▶ _INSTRUCTIONS FOR THE TASK_:
As you print the data below, keep every line exactly as it is and leave the images behind.
━━ RAW DATA ━━
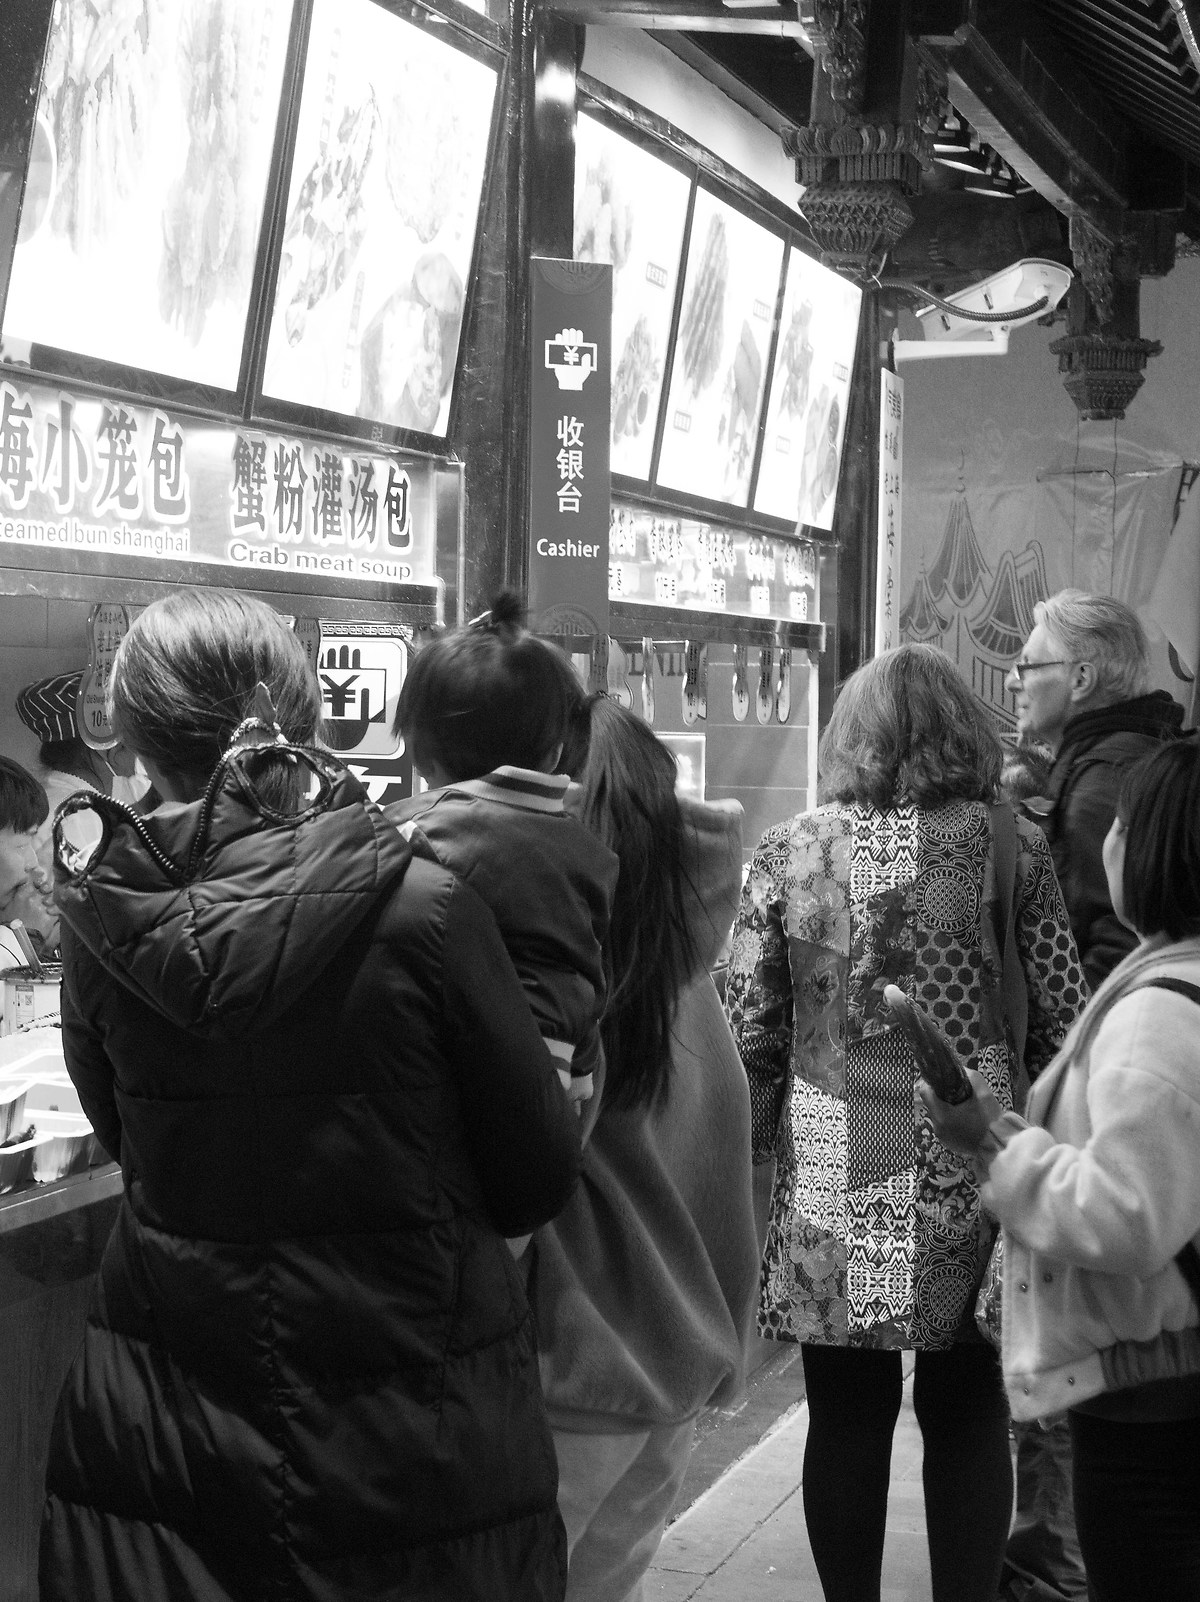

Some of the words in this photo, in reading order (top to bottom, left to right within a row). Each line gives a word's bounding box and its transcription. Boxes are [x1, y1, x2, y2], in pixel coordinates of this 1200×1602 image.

[556, 415, 584, 513] 收银台
[233, 434, 410, 548] 蟹粉灌汤包
[74, 523, 108, 544] bun
[113, 525, 189, 555] shanghai
[536, 538, 600, 558] Cashier
[230, 543, 289, 565] Crab
[296, 554, 353, 572] meat
[361, 560, 411, 581] soup
━━━
▶ _YOUR SOLUTION_:
Some of the words in this photo, in reading order (top to bottom, left to right within a row). Each line gives a word's bounding box and its transcription. Boxes are [x1, y1, x2, y2], in pixel coordinates of this 1200×1602 image.

[556, 415, 584, 513] 收银台
[233, 434, 410, 548] 蟹粉灌汤包
[74, 523, 108, 544] bun
[113, 525, 189, 555] shanghai
[536, 538, 600, 558] Cashier
[230, 543, 289, 565] Crab
[296, 554, 353, 572] meat
[361, 560, 411, 581] soup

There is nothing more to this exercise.